A BB travels down an inner barrel on a cushion of air so it does not touch the sides. This slight give also means the BB can move side to side inside the barrel, not much, but just enough to allow those BBs to come out of your barrel in a cone pattern instead of a line. A tighter barrel means less space which means less wobble which means a tighter cone. A longer barrel means more time for the BB to stabilize its wobble which again means a tighter cone.

It is important to consider the cone because your well tuned rifle might well be able to land BBs a good 50 or 60m away but if they are landing 10 or 20m apart then that accuracy is so low you cannot count on it to hit anything really. If you have a fully automatic assault weapon then you can create a beaten zone of area denial to keep heads down and hold opposing forces back.

If you have a bolt action or semi-auto weapon, if your landing pellets any more then 3m apart at range then you will have to empty whole magazines before you can expect to hit a human size target at that range.

The point being made here is that the length of your invisible cone is your maximum range but the weapons maximum effective range is the greatest distance along that cone before it is wider than the target you are shooting at. For a full auto weapon, a spread of 5m still puts enough pellets in your central 0.5m to be a threat but a slower firing weapon really can only afford to only land shots inside that 0.5m wide human zone.

So to sum up; range comes from the hop-up, FPS gives you flight time and distance to felt hits and barrel tightness and length gives you accuracy. Barrel length and FPS does not give you more range. Range is good but unless your landing 50cm groupings or tighter, that range at and beyond that point is pot shots.

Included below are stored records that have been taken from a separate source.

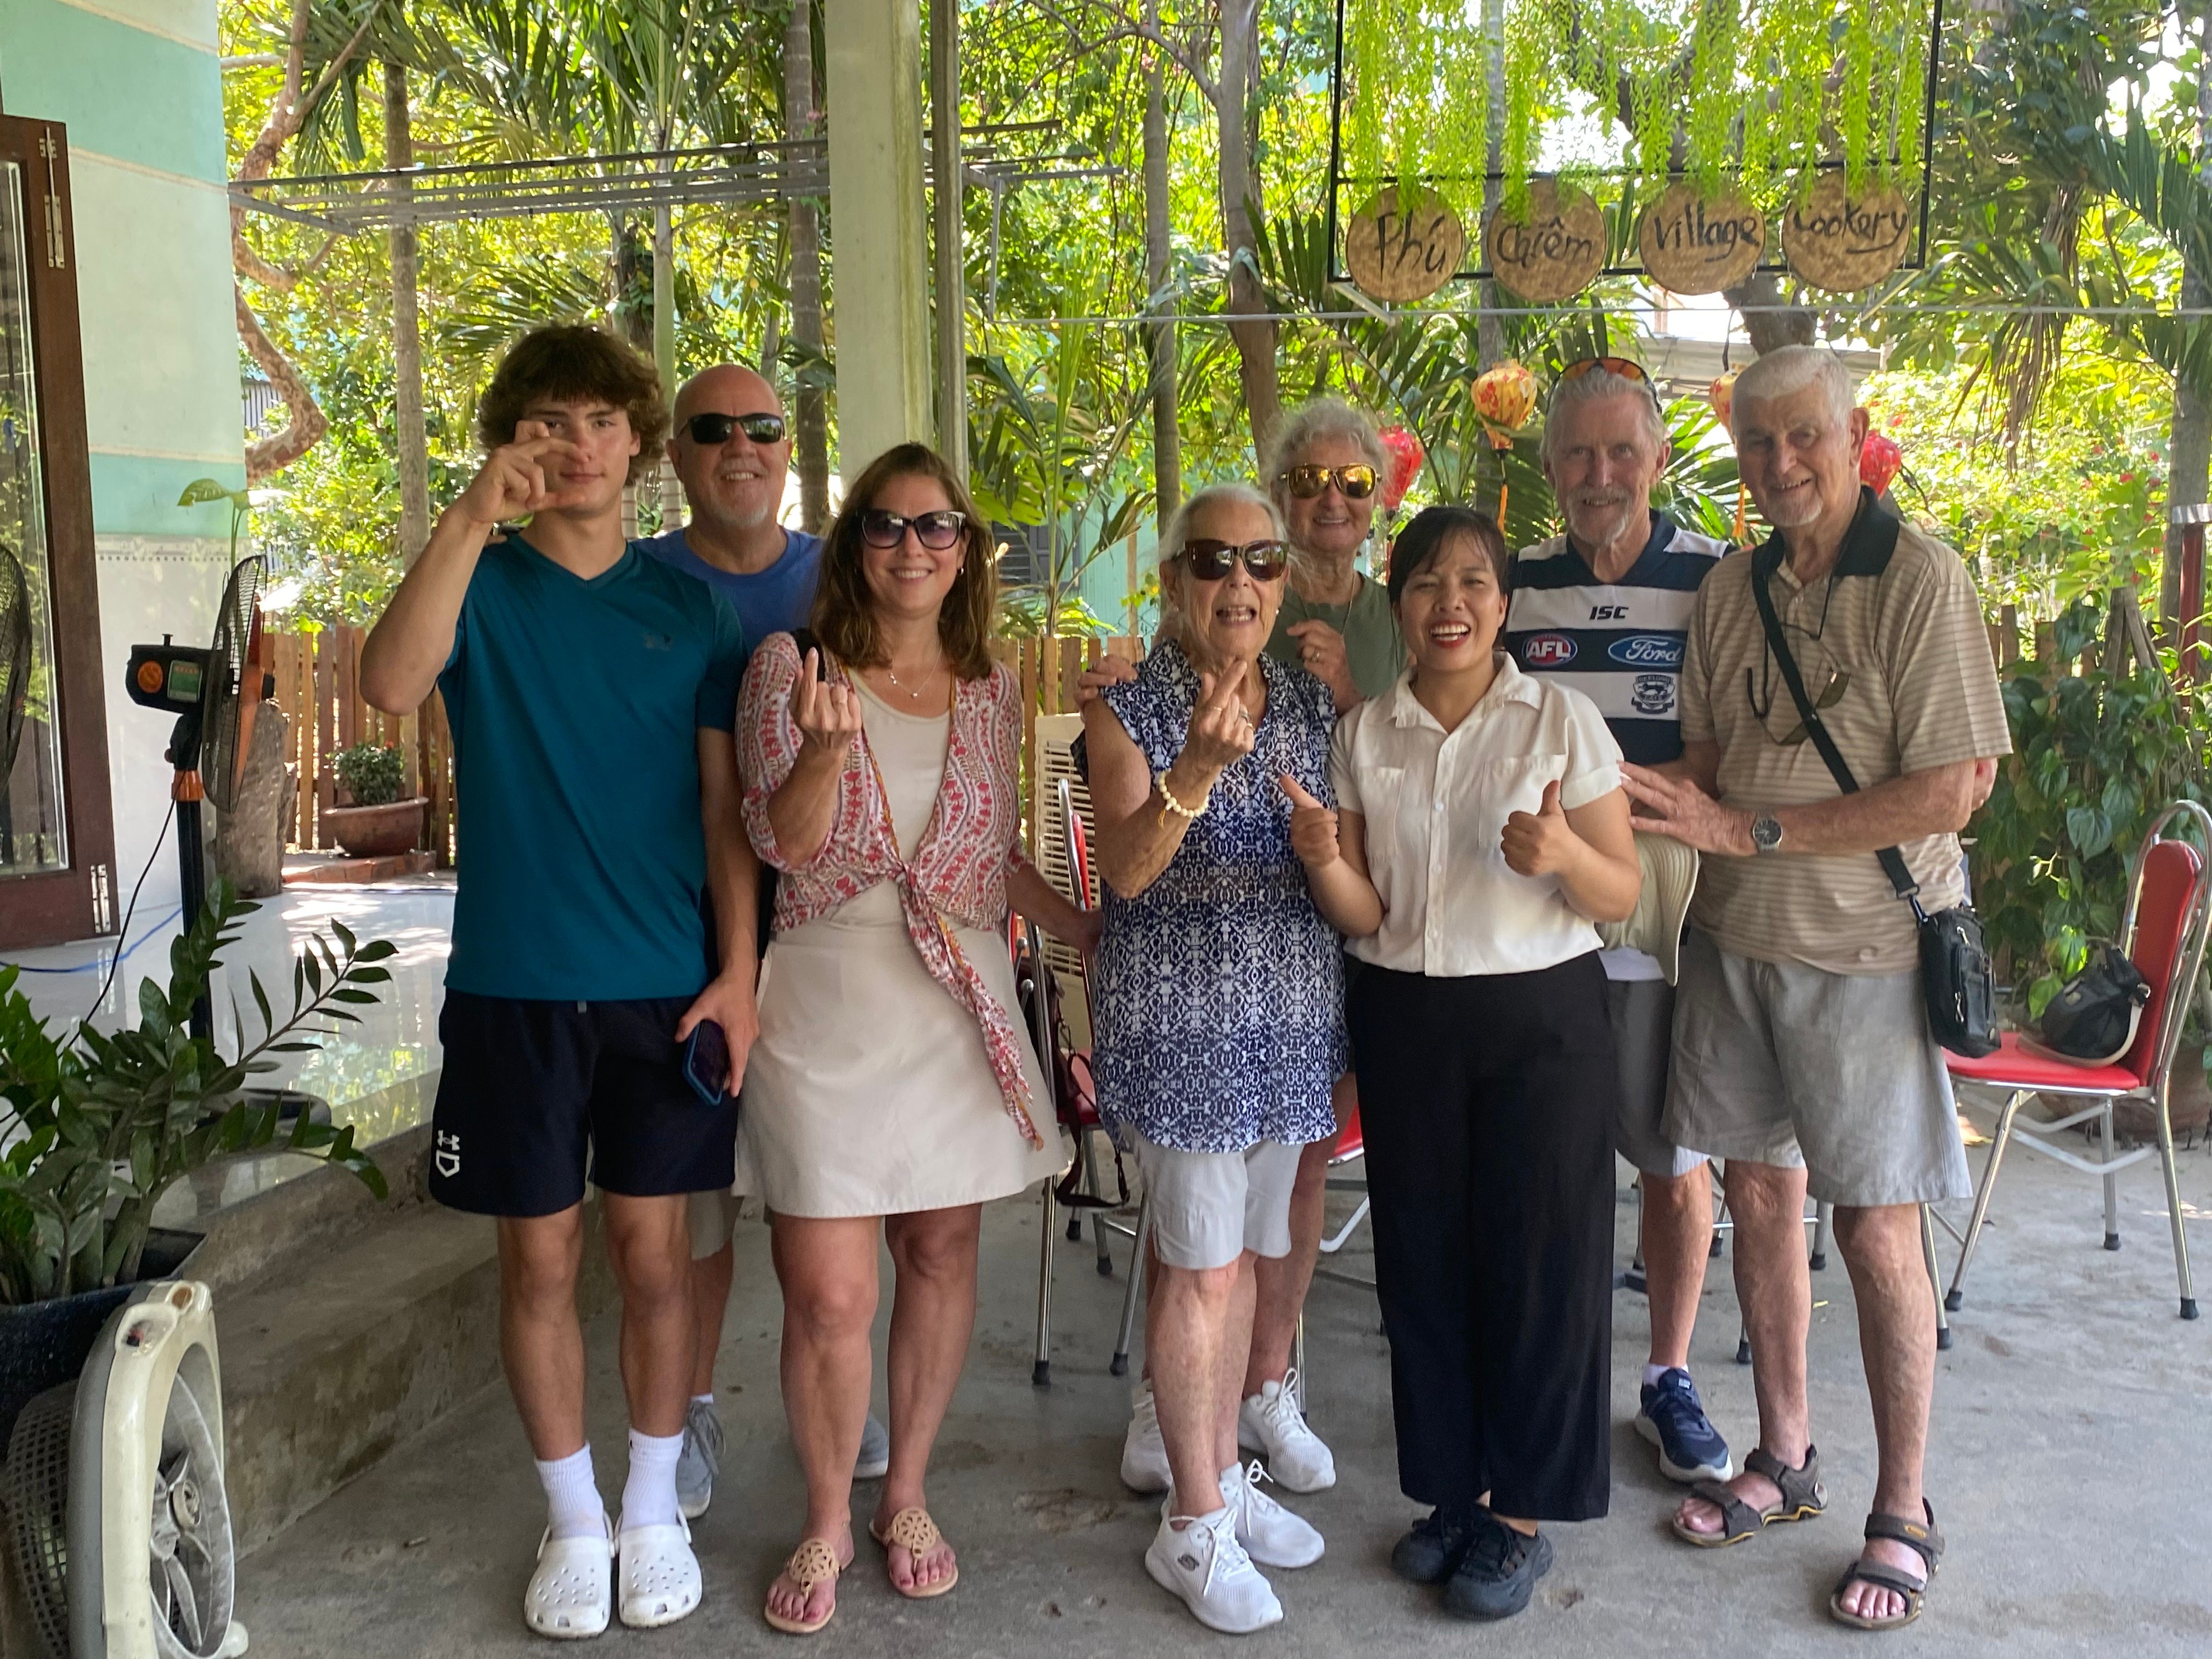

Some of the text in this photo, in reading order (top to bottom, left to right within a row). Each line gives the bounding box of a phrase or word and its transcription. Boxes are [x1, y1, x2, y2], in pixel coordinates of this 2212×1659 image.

[1375, 210, 1446, 283] Phú
[1654, 200, 1760, 262] Village
[1589, 606, 1629, 620] ISC
[1526, 641, 1571, 658] AFL
[1626, 639, 1680, 662] Ford
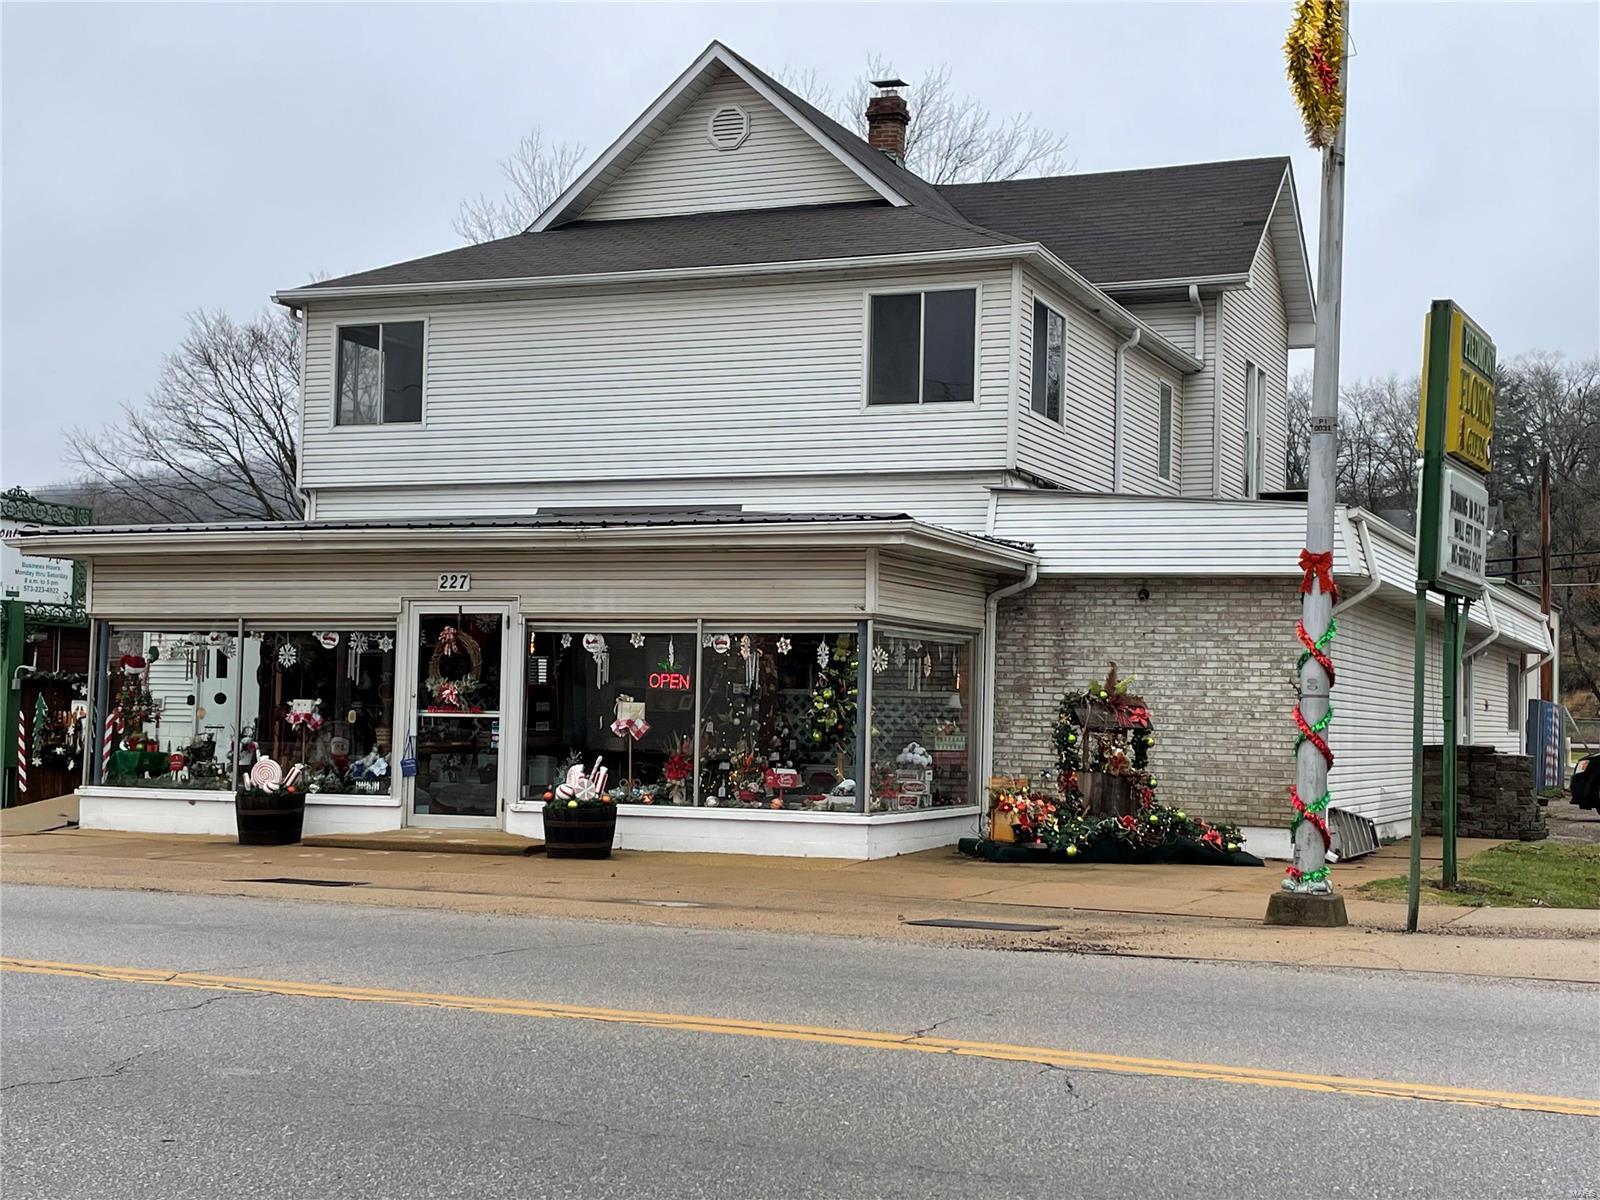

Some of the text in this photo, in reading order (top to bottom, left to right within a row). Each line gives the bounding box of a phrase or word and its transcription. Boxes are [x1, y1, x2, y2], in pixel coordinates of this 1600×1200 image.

A bolt action weapon shoots so slow that it absolutely must be shooting at targets up to the 50cm diameter cone section to be effective. A semi-auto has enough firepower to stretch its statistical likelihood of hits out to maybe a 2 or 3m diameter section of cone, beyond that its pot shots. A full auto weapon with high fire rate can deliver human kills out to 5m diameter cone section but if the intention is suppressive fire then you actually want a cone diameter section out to 10m across to create a deliberately poor accuracy so that the pellets are 5 or 10m apart but still have enough FPS to feel thus you create a kill zone area rather then a small window.

Airsoft is about having fun but the technology is about science. Play to have fun but if you want to be effective it pays to have a good sit down and think about things. Plan out your intentions, do your research and talk it over with experienced players and Airsoft engineers. Just because real guns work that way does not mean Airsoft will. Just because you think things work a certain way, does not mean they do.